▸ DIRECTIONS:
What is needed is an exact copy of every entry, without the pictures.

[Free-text object descriptions]
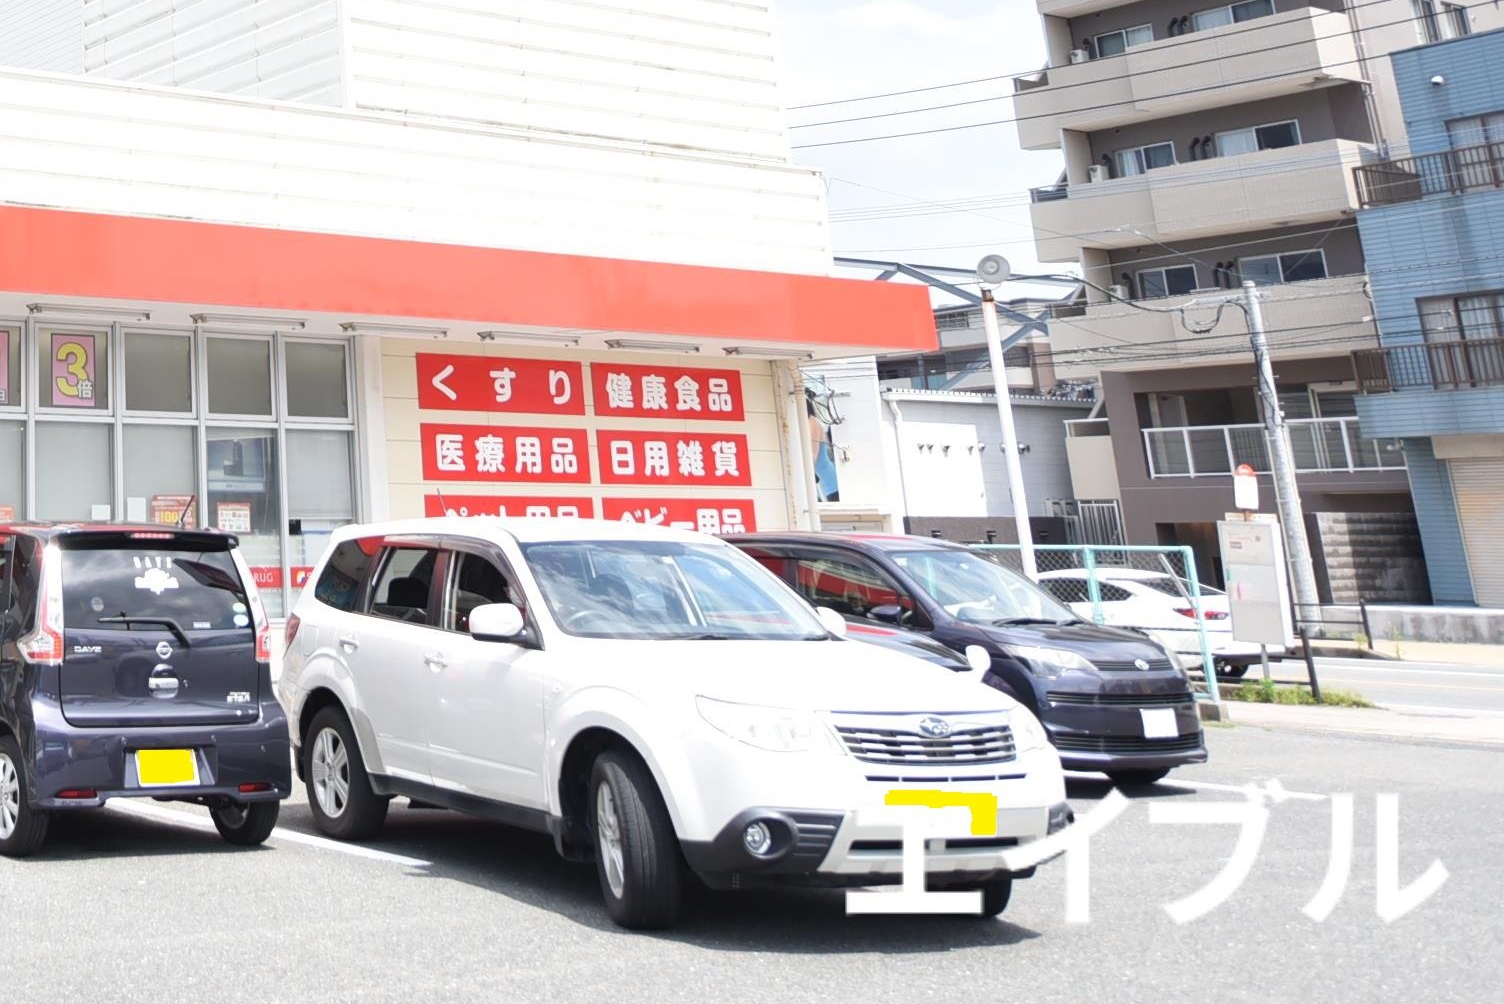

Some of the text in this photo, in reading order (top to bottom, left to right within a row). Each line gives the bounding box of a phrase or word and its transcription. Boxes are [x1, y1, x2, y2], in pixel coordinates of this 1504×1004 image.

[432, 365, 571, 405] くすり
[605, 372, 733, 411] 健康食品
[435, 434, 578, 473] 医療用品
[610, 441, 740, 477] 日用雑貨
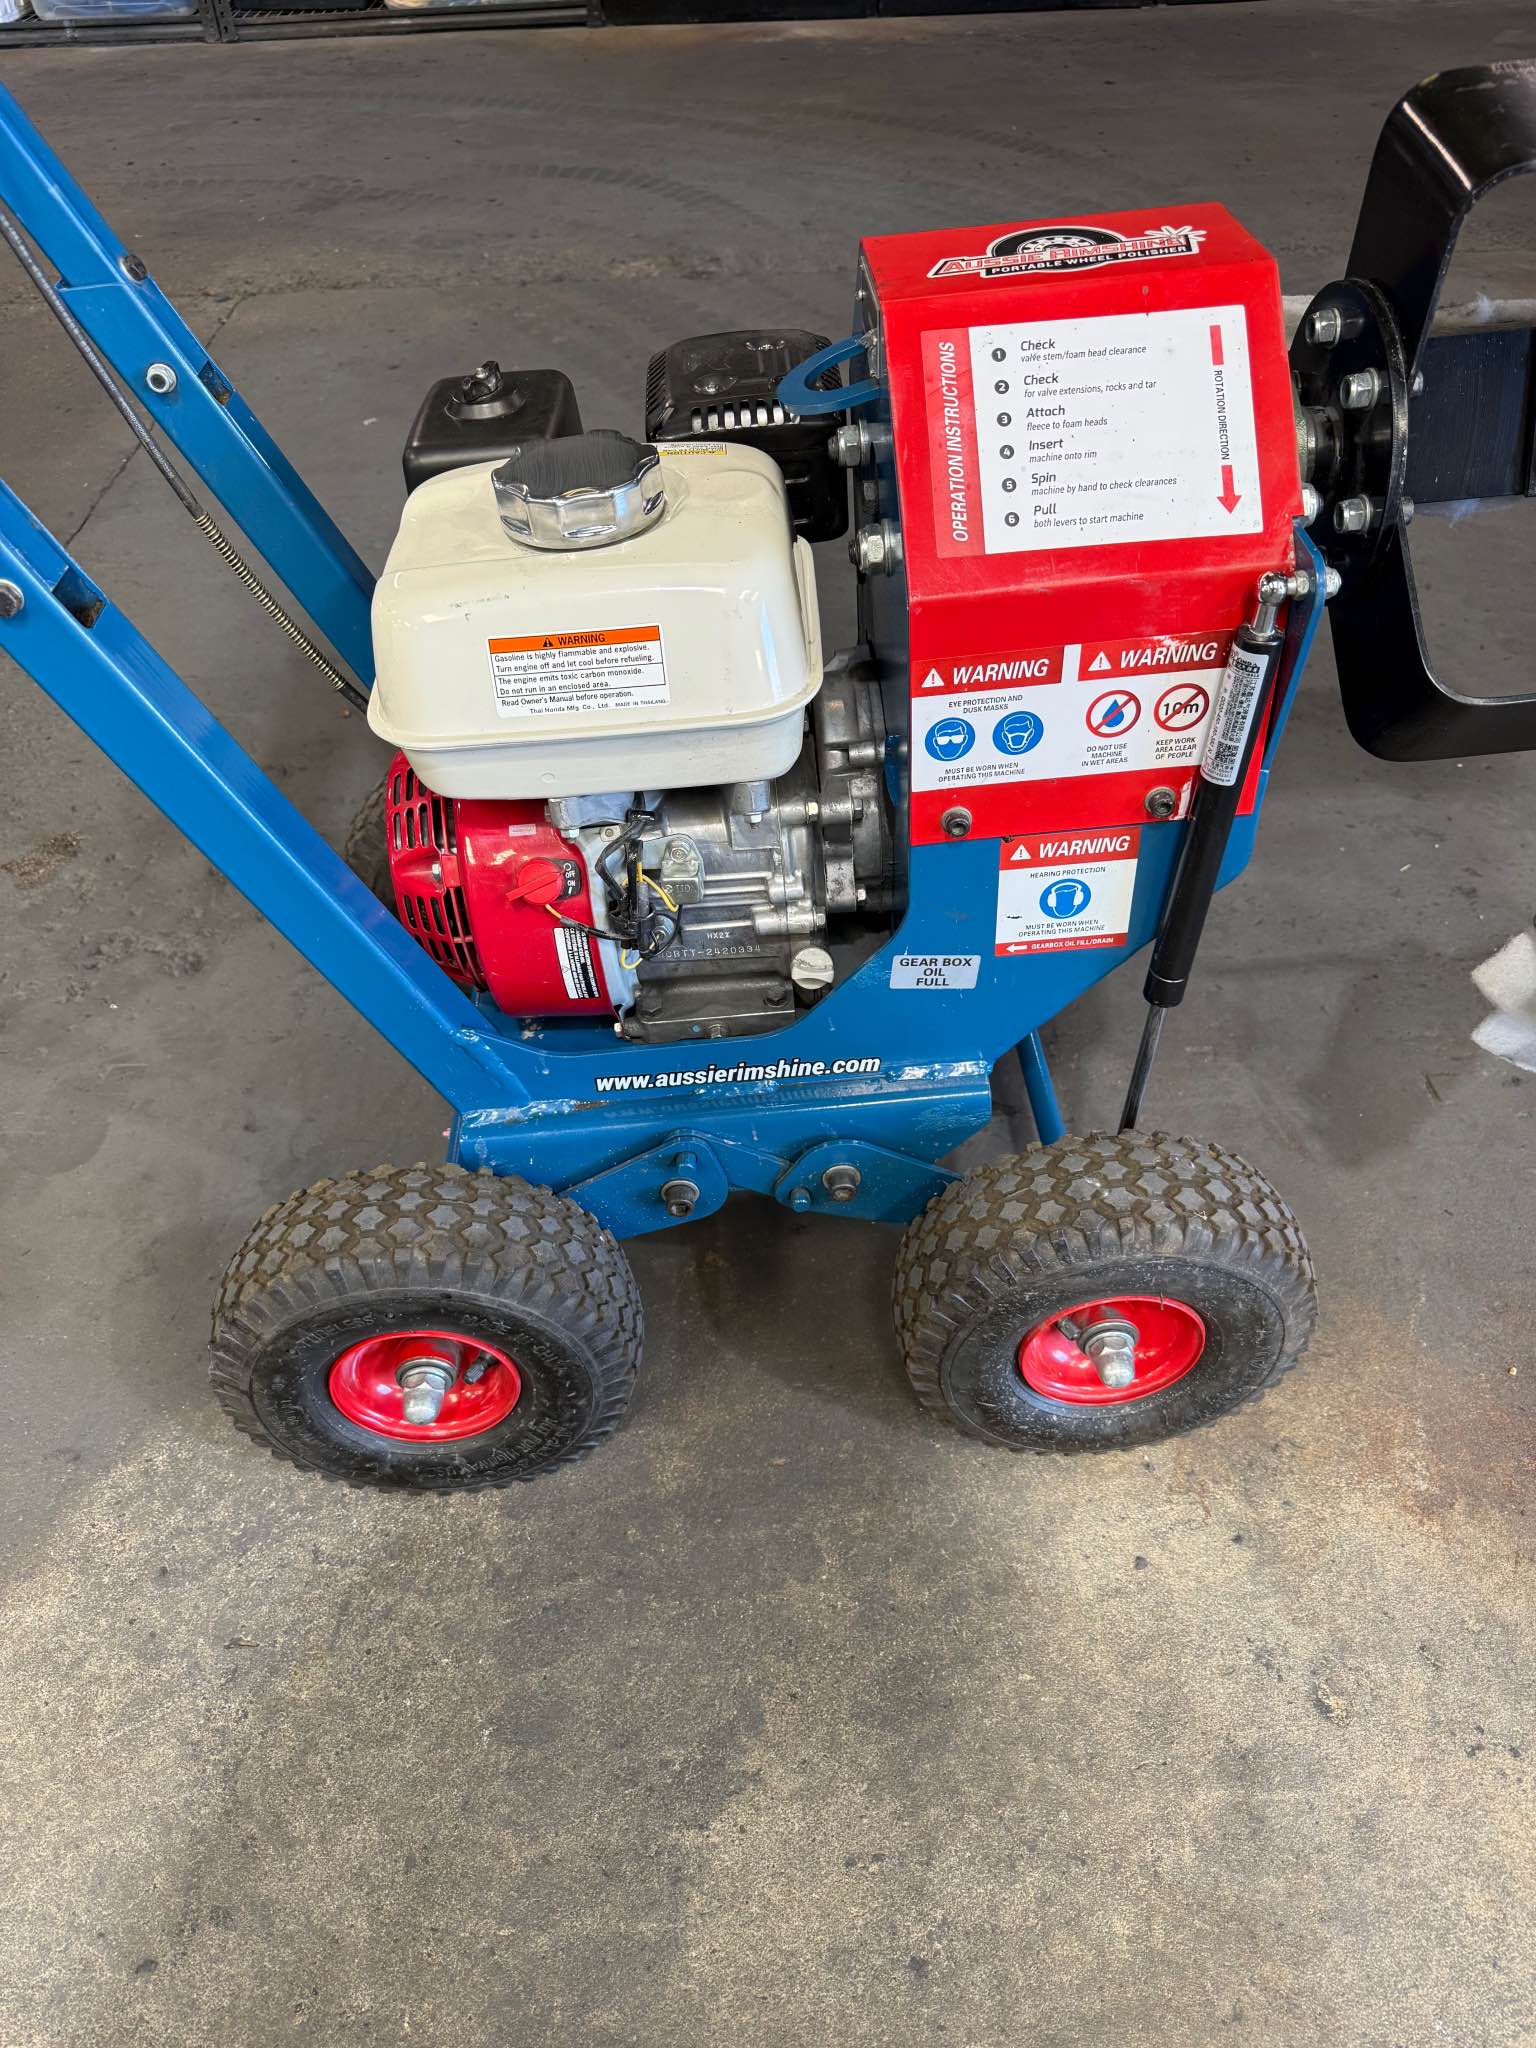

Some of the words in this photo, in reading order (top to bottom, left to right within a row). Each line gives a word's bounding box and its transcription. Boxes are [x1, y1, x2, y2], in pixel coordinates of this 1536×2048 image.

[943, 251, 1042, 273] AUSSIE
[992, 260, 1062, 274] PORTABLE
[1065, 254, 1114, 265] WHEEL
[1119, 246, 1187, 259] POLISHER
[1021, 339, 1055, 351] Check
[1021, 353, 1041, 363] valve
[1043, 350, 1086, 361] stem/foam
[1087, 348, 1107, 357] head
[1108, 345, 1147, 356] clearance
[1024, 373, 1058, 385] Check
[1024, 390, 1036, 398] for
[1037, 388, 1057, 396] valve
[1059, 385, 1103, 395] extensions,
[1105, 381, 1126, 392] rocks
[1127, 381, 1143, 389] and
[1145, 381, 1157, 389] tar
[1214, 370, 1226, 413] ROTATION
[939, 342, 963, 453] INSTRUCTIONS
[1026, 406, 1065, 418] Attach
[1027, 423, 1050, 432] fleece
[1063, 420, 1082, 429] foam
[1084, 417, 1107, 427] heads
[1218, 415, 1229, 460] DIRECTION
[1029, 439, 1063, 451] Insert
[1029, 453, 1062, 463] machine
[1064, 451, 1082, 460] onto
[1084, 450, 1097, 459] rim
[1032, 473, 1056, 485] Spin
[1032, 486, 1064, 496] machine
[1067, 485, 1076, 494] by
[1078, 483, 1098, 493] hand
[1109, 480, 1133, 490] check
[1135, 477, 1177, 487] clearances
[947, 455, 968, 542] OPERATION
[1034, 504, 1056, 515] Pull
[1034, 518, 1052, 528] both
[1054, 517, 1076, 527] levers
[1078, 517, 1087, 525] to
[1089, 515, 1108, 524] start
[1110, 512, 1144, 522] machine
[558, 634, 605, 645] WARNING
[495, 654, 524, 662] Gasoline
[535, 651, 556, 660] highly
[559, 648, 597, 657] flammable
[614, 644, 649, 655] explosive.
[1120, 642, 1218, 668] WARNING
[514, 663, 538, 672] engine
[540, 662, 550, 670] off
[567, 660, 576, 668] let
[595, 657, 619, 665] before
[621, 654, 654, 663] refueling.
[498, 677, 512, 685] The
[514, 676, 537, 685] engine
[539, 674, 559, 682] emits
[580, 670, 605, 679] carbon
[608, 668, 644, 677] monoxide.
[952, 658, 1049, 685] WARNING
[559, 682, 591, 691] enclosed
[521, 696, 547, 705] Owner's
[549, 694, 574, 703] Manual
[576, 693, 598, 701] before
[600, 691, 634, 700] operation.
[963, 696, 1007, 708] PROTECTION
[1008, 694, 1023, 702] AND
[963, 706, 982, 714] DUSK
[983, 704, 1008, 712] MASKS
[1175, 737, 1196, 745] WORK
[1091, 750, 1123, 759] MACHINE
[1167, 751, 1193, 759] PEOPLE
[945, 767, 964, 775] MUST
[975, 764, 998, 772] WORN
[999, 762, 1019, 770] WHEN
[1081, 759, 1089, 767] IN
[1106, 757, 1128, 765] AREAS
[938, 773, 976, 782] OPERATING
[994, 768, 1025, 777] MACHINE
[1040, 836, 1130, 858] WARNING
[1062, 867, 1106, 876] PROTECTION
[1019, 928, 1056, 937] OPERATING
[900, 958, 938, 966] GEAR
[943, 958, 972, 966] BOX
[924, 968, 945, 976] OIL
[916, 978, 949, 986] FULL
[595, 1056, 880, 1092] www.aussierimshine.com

▸ SOLUTION:
Some of the text in this photo, in reading order (top to bottom, left to right within a row). Each line gives the bounding box of a phrase or word and its transcription. Boxes are [x1, y1, x2, y2], in pixel coordinates of this 1504×1004 image.

[432, 365, 571, 405] くすり
[605, 372, 733, 411] 健康食品
[435, 434, 578, 473] 医療用品
[610, 441, 740, 477] 日用雑貨

Some of the words in this photo, in reading order (top to bottom, left to right within a row). Each line gives a word's bounding box and its transcription. Boxes are [x1, y1, x2, y2], in pixel coordinates of this 1536×2048 image.

[943, 251, 1042, 273] AUSSIE
[992, 260, 1062, 274] PORTABLE
[1065, 254, 1114, 265] WHEEL
[1119, 246, 1187, 259] POLISHER
[1021, 339, 1055, 351] Check
[1021, 353, 1041, 363] valve
[1043, 350, 1086, 361] stem/foam
[1087, 348, 1107, 357] head
[1108, 345, 1147, 356] clearance
[1024, 373, 1058, 385] Check
[1024, 390, 1036, 398] for
[1037, 388, 1057, 396] valve
[1059, 385, 1103, 395] extensions,
[1105, 381, 1126, 392] rocks
[1127, 381, 1143, 389] and
[1145, 381, 1157, 389] tar
[1214, 370, 1226, 413] ROTATION
[939, 342, 963, 453] INSTRUCTIONS
[1026, 406, 1065, 418] Attach
[1027, 423, 1050, 432] fleece
[1063, 420, 1082, 429] foam
[1084, 417, 1107, 427] heads
[1218, 415, 1229, 460] DIRECTION
[1029, 439, 1063, 451] Insert
[1029, 453, 1062, 463] machine
[1064, 451, 1082, 460] onto
[1084, 450, 1097, 459] rim
[1032, 473, 1056, 485] Spin
[1032, 486, 1064, 496] machine
[1067, 485, 1076, 494] by
[1078, 483, 1098, 493] hand
[1109, 480, 1133, 490] check
[1135, 477, 1177, 487] clearances
[947, 455, 968, 542] OPERATION
[1034, 504, 1056, 515] Pull
[1034, 518, 1052, 528] both
[1054, 517, 1076, 527] levers
[1078, 517, 1087, 525] to
[1089, 515, 1108, 524] start
[1110, 512, 1144, 522] machine
[558, 634, 605, 645] WARNING
[495, 654, 524, 662] Gasoline
[535, 651, 556, 660] highly
[559, 648, 597, 657] flammable
[614, 644, 649, 655] explosive.
[1120, 642, 1218, 668] WARNING
[514, 663, 538, 672] engine
[540, 662, 550, 670] off
[567, 660, 576, 668] let
[595, 657, 619, 665] before
[621, 654, 654, 663] refueling.
[498, 677, 512, 685] The
[514, 676, 537, 685] engine
[539, 674, 559, 682] emits
[580, 670, 605, 679] carbon
[608, 668, 644, 677] monoxide.
[952, 658, 1049, 685] WARNING
[559, 682, 591, 691] enclosed
[521, 696, 547, 705] Owner's
[549, 694, 574, 703] Manual
[576, 693, 598, 701] before
[600, 691, 634, 700] operation.
[963, 696, 1007, 708] PROTECTION
[1008, 694, 1023, 702] AND
[963, 706, 982, 714] DUSK
[983, 704, 1008, 712] MASKS
[1175, 737, 1196, 745] WORK
[1091, 750, 1123, 759] MACHINE
[1167, 751, 1193, 759] PEOPLE
[945, 767, 964, 775] MUST
[975, 764, 998, 772] WORN
[999, 762, 1019, 770] WHEN
[1081, 759, 1089, 767] IN
[1106, 757, 1128, 765] AREAS
[938, 773, 976, 782] OPERATING
[994, 768, 1025, 777] MACHINE
[1040, 836, 1130, 858] WARNING
[1062, 867, 1106, 876] PROTECTION
[1019, 928, 1056, 937] OPERATING
[900, 958, 938, 966] GEAR
[943, 958, 972, 966] BOX
[924, 968, 945, 976] OIL
[916, 978, 949, 986] FULL
[595, 1056, 880, 1092] www.aussierimshine.com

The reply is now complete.